Bot it and thankful for the hint - I was planning to distribute validation to CI sub-flow.
But look - running validation prior merge doesn’t resolve the issue. I have following options:

  1. skip plan and run apply - that leads me to the runtime & plan time if so.
  2. run plan & apply - plan will repeat validation step.

In my case owning both CI and CD part - I don’t see benefits from decoupling validation from plan.

So when you own both parts - efficient looks to be plan&apply. But when it is distributed - validation&apply.

We had and internal discussion that either validation or plan is redundant but good t know.

I’m not sure I fully understand what you are describing but I do want to note that there’s a difference between running terraform plan with no arguments and then terraform apply with no arguments, vs. running terraform plan -out=tfplan and then terraform apply tfplan.

In the first case, the terraform apply command incorporates the full plan process, so you’ll end up planning twice. But if you save the plan file to disk and then apply from that plan file then the apply command will skip the plan phase and just start immediately with the apply phase, using the saved plan file to recall all of the decisions made during planning.

It isn’t possible to apply without first creating a plan, but terraform apply with no arguments hides that by automatically creating a plan first. Despite it being incorporated into the same command, it has the same cost as when run as a separate command with the results saved to a file.

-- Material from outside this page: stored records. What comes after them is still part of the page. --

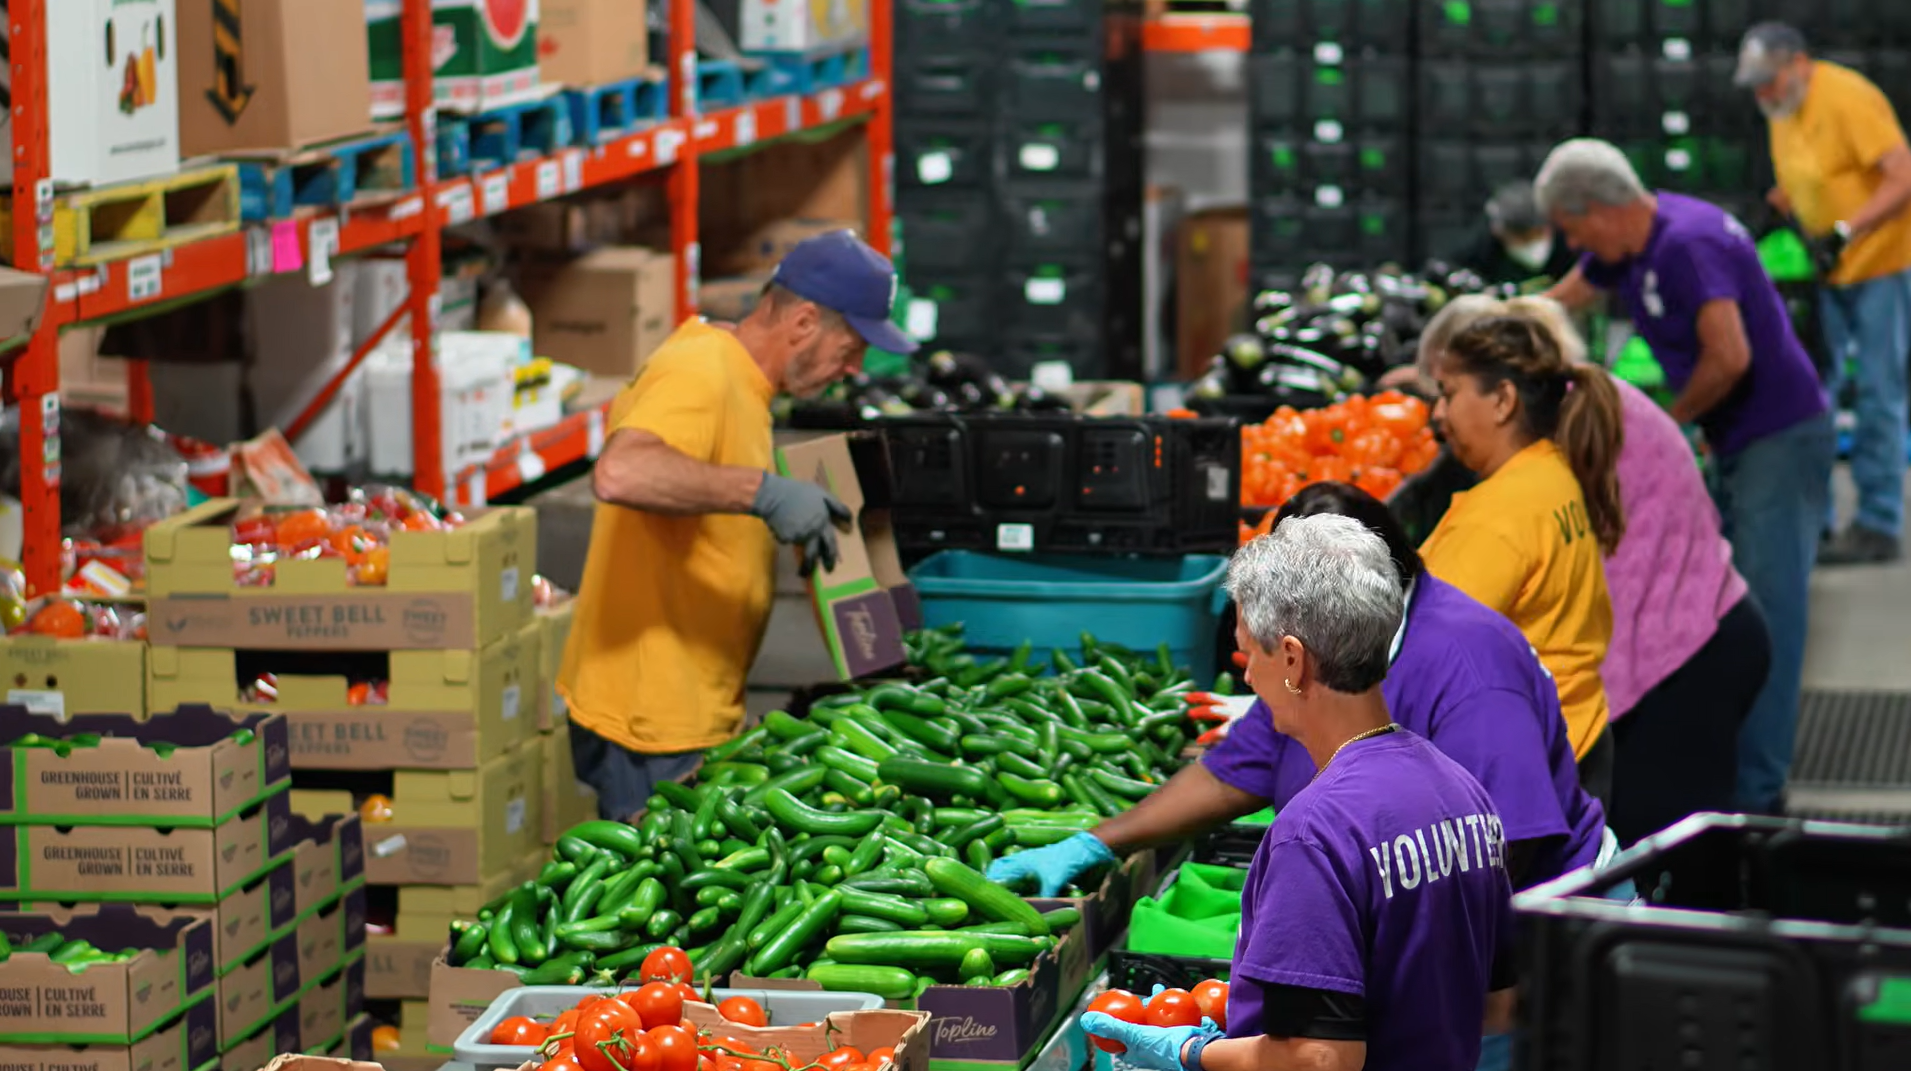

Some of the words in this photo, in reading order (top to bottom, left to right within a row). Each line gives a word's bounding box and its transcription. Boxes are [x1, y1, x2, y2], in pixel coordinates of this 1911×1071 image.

[248, 606, 324, 626] SWEET
[333, 605, 386, 624] BELL
[287, 722, 325, 741] EET
[335, 722, 386, 741] BELL
[41, 770, 120, 784] GREENHOUSE
[133, 770, 182, 785] CULTIVÉ
[75, 786, 121, 800] GROWN
[133, 787, 149, 800] EN
[154, 787, 192, 801] SERRE
[44, 846, 122, 860] GREENHOUSE
[135, 847, 184, 861] CULTIVÉ
[78, 862, 122, 876] GROWN
[136, 863, 152, 876] EN
[156, 863, 194, 876] SERRE
[44, 986, 95, 1002] CULTIVÉ
[45, 1003, 62, 1017] EN
[66, 1003, 106, 1017] SERRE
[930, 1016, 998, 1047] Topline
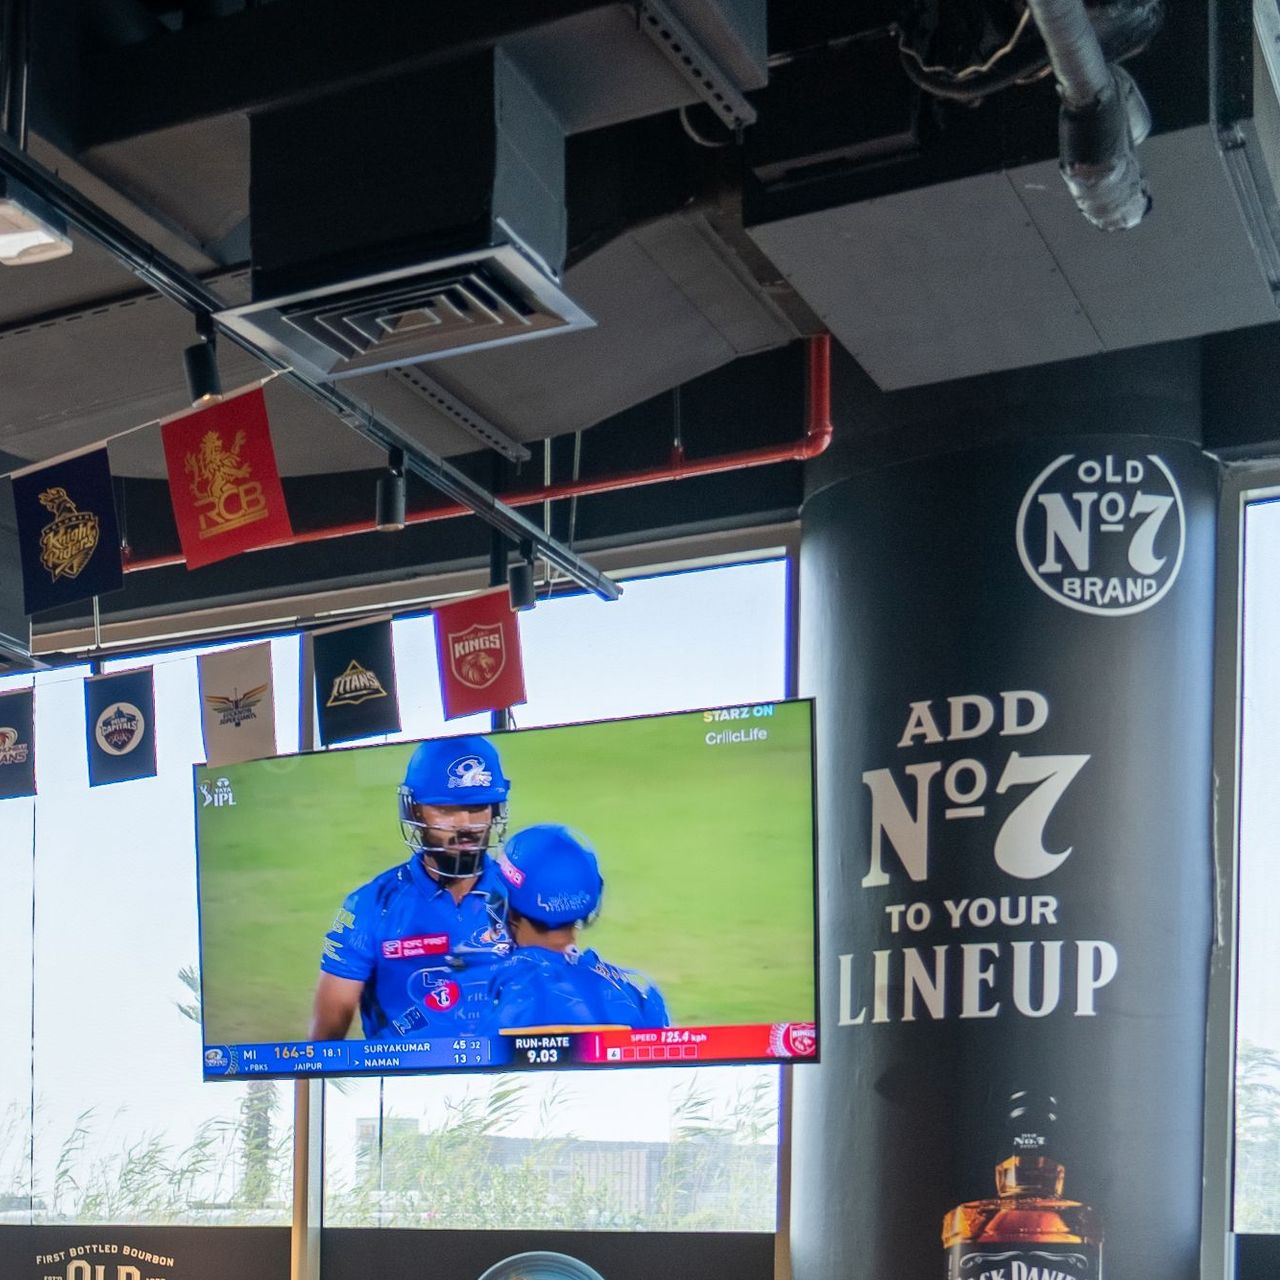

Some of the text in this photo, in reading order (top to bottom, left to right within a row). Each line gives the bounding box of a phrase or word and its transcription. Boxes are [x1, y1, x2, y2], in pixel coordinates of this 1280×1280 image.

[1078, 455, 1144, 483] OLD
[199, 481, 266, 530] RCB
[46, 523, 92, 549] Knight
[47, 535, 94, 564] Riders
[1063, 577, 1157, 606] BRAND
[454, 633, 501, 658] KINGS
[332, 671, 377, 695] TITANS
[704, 705, 774, 722] STARZ ON
[896, 690, 1049, 747] ADD
[101, 719, 138, 736] CAPITALS
[214, 792, 236, 806] IPL
[885, 896, 1058, 933] TO YOUR
[837, 939, 1119, 1027] LINEUP
[515, 1036, 569, 1049] RUN-RATE
[631, 1030, 707, 1043] SPEED 125.4 kph
[243, 1046, 341, 1059] MI 164-5 18.1
[363, 1041, 481, 1053] SURYAKUMAR 45 32
[527, 1050, 557, 1063] 9.03
[293, 1062, 323, 1071] JAIPUR
[364, 1054, 481, 1067] NAMAN 13 9
[1014, 1137, 1045, 1145] No.7
[36, 1245, 174, 1267] FIRST BOTTLED BOURBON
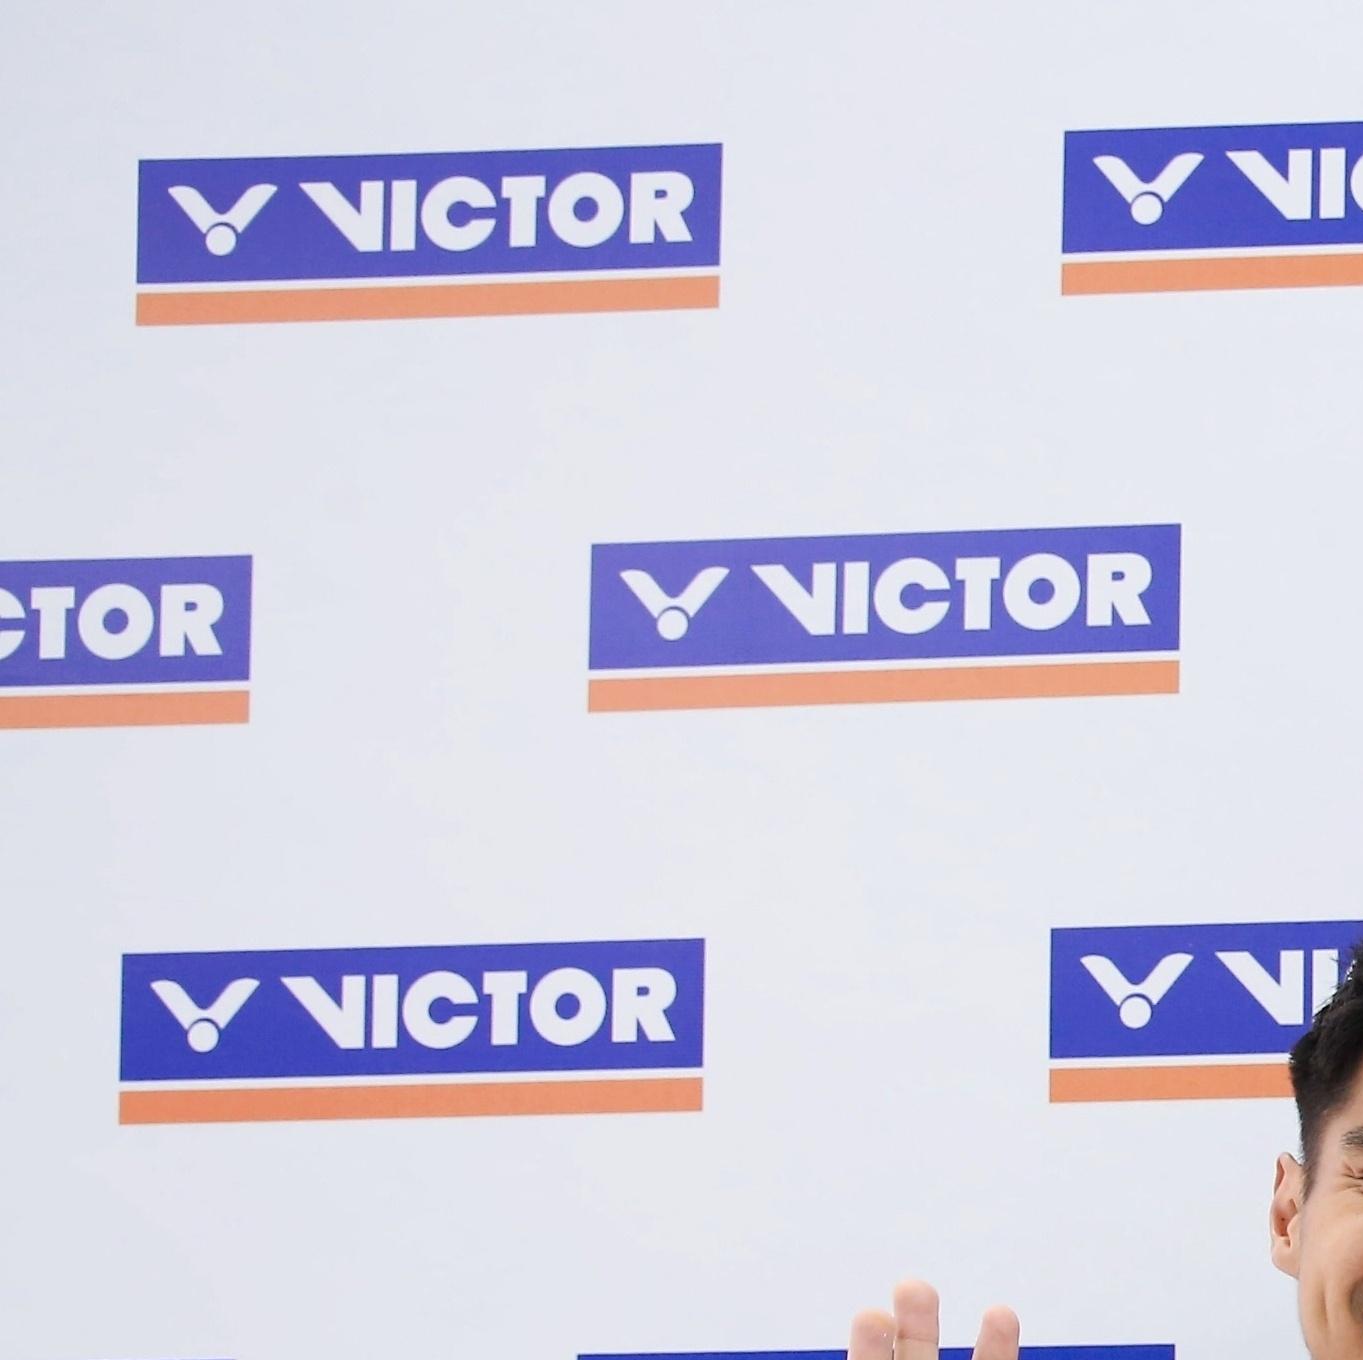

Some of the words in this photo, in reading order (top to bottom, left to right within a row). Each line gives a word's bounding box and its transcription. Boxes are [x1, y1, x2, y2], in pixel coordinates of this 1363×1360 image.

[299, 171, 694, 252] VICTOR
[750, 553, 1152, 634] VICTOR
[281, 967, 676, 1052] VICTOR

Also, to be clear, I wasn’t recommending that you must run validation before merge. Instead, I meant to say that if you are not running validation before merge then there’s little reason to run terraform validate at all, because the validation done as part of terraform plan is a superset of what terraform validate would do and so a separate terraform validate adds nothing. The separate terraform validate command is only helpful if you run it at an earlier phase to give some early feedback before the configuration is reviewed, and thus before it would be safe to run terraform plan.